Use the replacement_threshold setting to override this default behavior. You can configure this setting for your entire cluster or for a group of worker nodes. Valid time units are s (seconds), m (minutes), and h (hours).

The following example sets this threshold to 15 minutes:

{
  "replacement_threshold": "15m"
}

You also use this setting to configure node replacement groups. See Configure node replacement.

Adjustable downscaling

The Anyscale platform automatically downscales worker nodes that have been idle for a given period. By default, the timeout period ranges from 30 seconds to 4 minutes and is dynamically adjusted for each node group based on the workload. For example, short, bursty workloads have shorter timeouts and more aggressive downscaling. Adjustable downscaling allows users to adjust this timeout value at the cluster-level based on their workload needs.

Console
CLI

To adjust the timeout value from the Anyscale console, use the Advanced features tab under the Advanced settings for the cluster. This example sets the timeout to 60 seconds for all nodes in the cluster.

{
  "idle_termination_seconds": 60
}

To adjust the timeout value from the Anyscale CLI, use the flags field. This example YAML sets the timeout value to 60 seconds for all nodes in the cluster.

cloud: CLOUD_NAME
head_node:
  instance_type: INSTANCE_TYPE_HEAD
worker_nodes:
  - instance_type: INSTANCE_TYPE_WORKER
    min_nodes: MIN_NODES
    max_nodes: MAX_NODES
flags:
  idle_termination_seconds: 30

Cross-zone scaling

Cross-zone scaling is a feature that allows Anyscale to launch your Ray cluster across multiple availability zones. By default, all worker nodes are launched in the same availability zone. With cross-zone scaling enabled, Anyscale first attempts to launch worker nodes in existing zones, but if that fails, then tries the next-best zone (based on availability).

Use this feature if:

You want to maximize the chances of provisioning desired instance types.
You want to spread Serve app replicas across multiple zones for better resilience and availability.
Your workloads have no heavy inter-node communication or the incurred inter-availability zone cost is acceptable.

Console
CLI

To enable or disable this feature from the Anyscale console, use the "Enable cross-zone scaling" checkbox under the Advanced settings for the cluster.

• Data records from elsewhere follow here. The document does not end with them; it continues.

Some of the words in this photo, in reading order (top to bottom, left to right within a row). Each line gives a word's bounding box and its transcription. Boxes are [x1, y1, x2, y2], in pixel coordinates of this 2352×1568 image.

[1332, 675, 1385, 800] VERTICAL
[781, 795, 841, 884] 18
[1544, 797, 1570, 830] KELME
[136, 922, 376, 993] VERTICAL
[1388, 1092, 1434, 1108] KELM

To enable or disable this feature from the Anyscale CLI, use the enable_cross_zone_scaling field. This example YAML enables cross-zone scaling for all nodes in the cluster.

cloud: CLOUD_NAME
head_node:
  instance_type: INSTANCE_TYPE_HEAD
worker_nodes:
  - instance_type: INSTANCE_TYPE_WORKER
    min_nodes: MIN_NODES
    max_nodes: MAX_NODES
enable_cross_zone_scaling: true

Resource limits

Cluster-wide resource limits allow you to define minimum and maximum values for any resource across all nodes in the cluster. There are two common use cases for this feature:

Specifying the maximum number of GPUs to avoid unintentionally launching a large number of expensive instances.
Specifying a custom resource for specific worker nodes and using that custom resource value to limit the number of nodes of those types.

Console
CLI

To set the maximum number of CPUs and GPUs in a cluster from the Anyscale console, use the "Maximum CPUs" and "Maximum GPUs" fields under the Advanced settings for the cluster.

To set other resource limits, use the Advanced features tab under the Advanced settings for the cluster. To add a custom resource to a node group, use the Ray config tab under the Advanced config section for that node group.

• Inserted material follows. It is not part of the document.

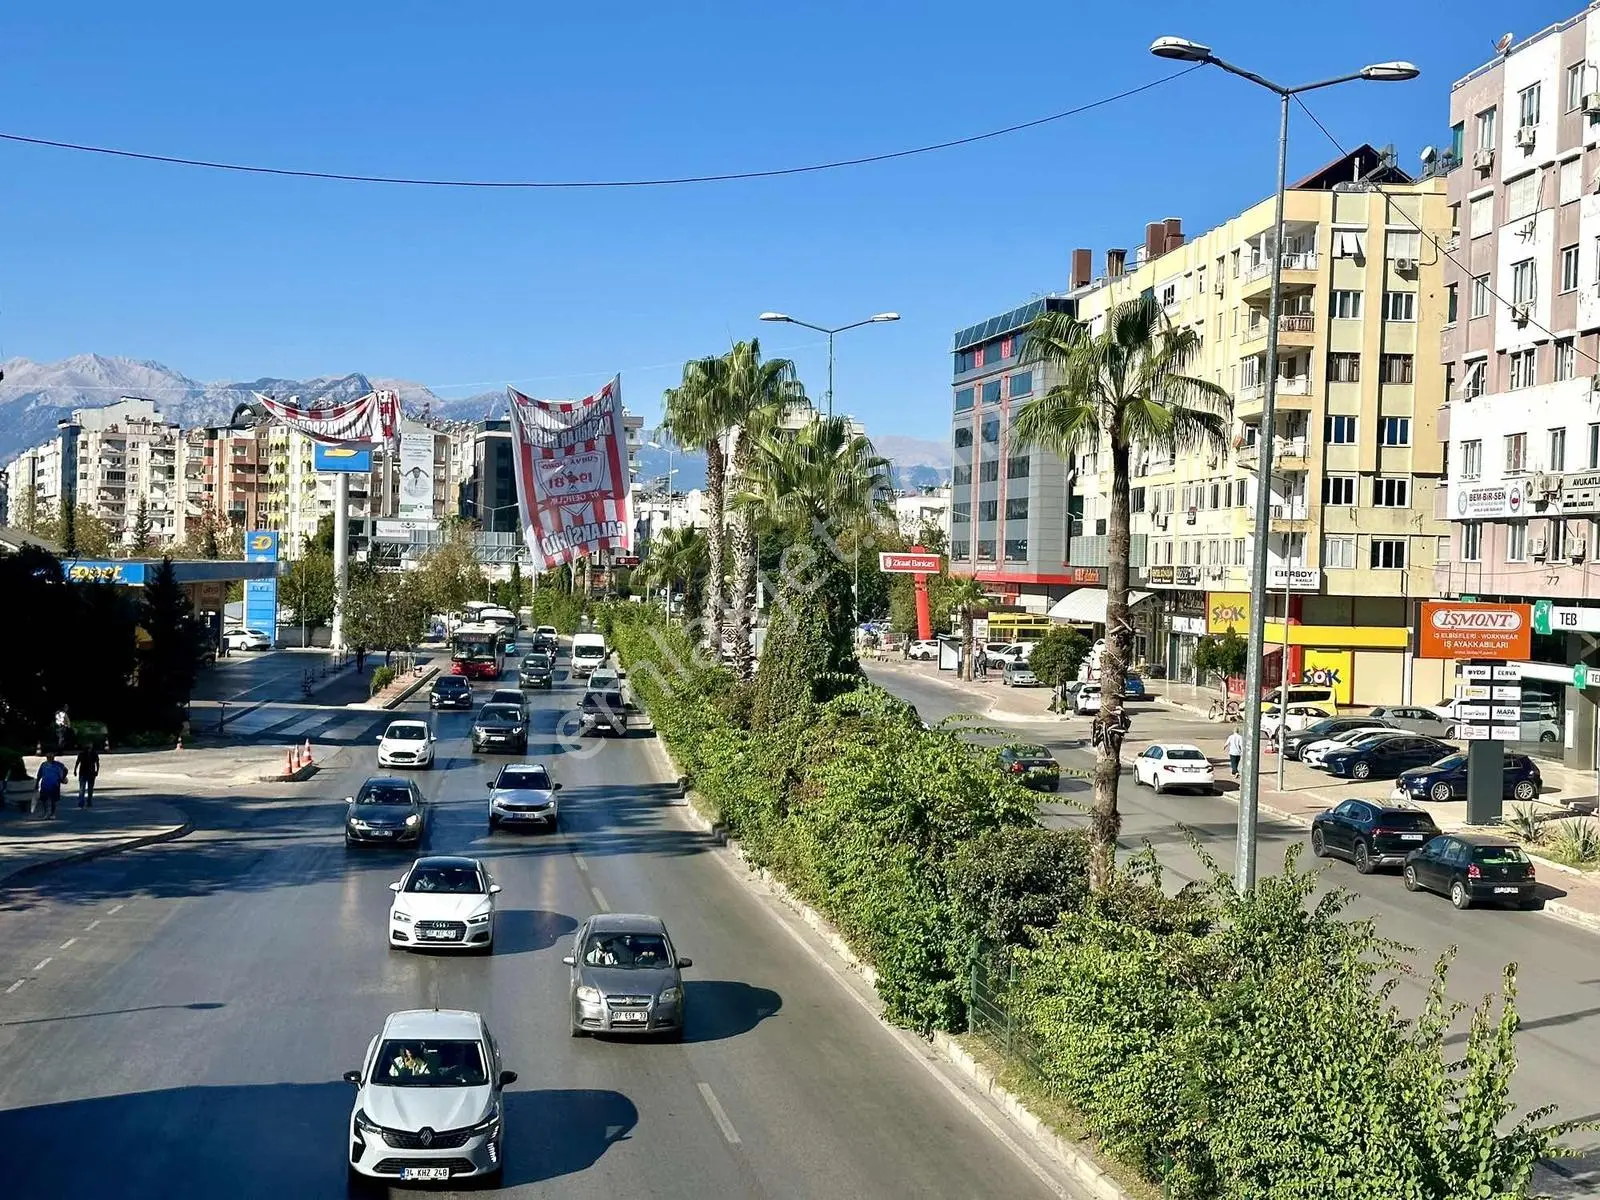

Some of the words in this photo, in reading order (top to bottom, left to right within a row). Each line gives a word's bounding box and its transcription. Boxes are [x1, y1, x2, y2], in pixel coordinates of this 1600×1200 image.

This example limits the minimum resources to 1 GPU and 1 CUSTOM_RESOURCE and limits the maximum resources to 5 CUSTOM_RESOURCE.

{
  "min_resources": {
    "GPU": 1,
    "CUSTOM_RESOURCE": 1
  },
  "max_resources": {
    "CUSTOM_RESOURCE": 5,
  }
}

To set resource limits for a cluster from the Anyscale CLI, use the min_resources and max_resources fields. This example YAML adds a custom resource to a worker node, limits the minimum resources to 8 CPU and 1 CUSTOM_RESOURCE, and limits the maximum resources to 1 GPU and 5 CUSTOM_RESOURCE.

cloud: CLOUD_NAME
head_node:
  instance_type: INSTANCE_TYPE_HEAD
worker_nodes:
  - instance_type: INSTANCE_TYPE_WORKER
    resources:
      CUSTOM_RESOURCE: 1
    min_nodes: MIN_NODES
    max_nodes: MAX_NODES
min_resources:
  CPU: 8
  CUSTOM_RESOURCE: 1
max_resources:
  GPU: 1
  CUSTOM_RESOURCE: 5

Workload starting and recovering timeouts

The workload starting timeout allows you to configure how long a workload should attempt to acquire the minimum resources when it first starts, before Anyscale terminates it.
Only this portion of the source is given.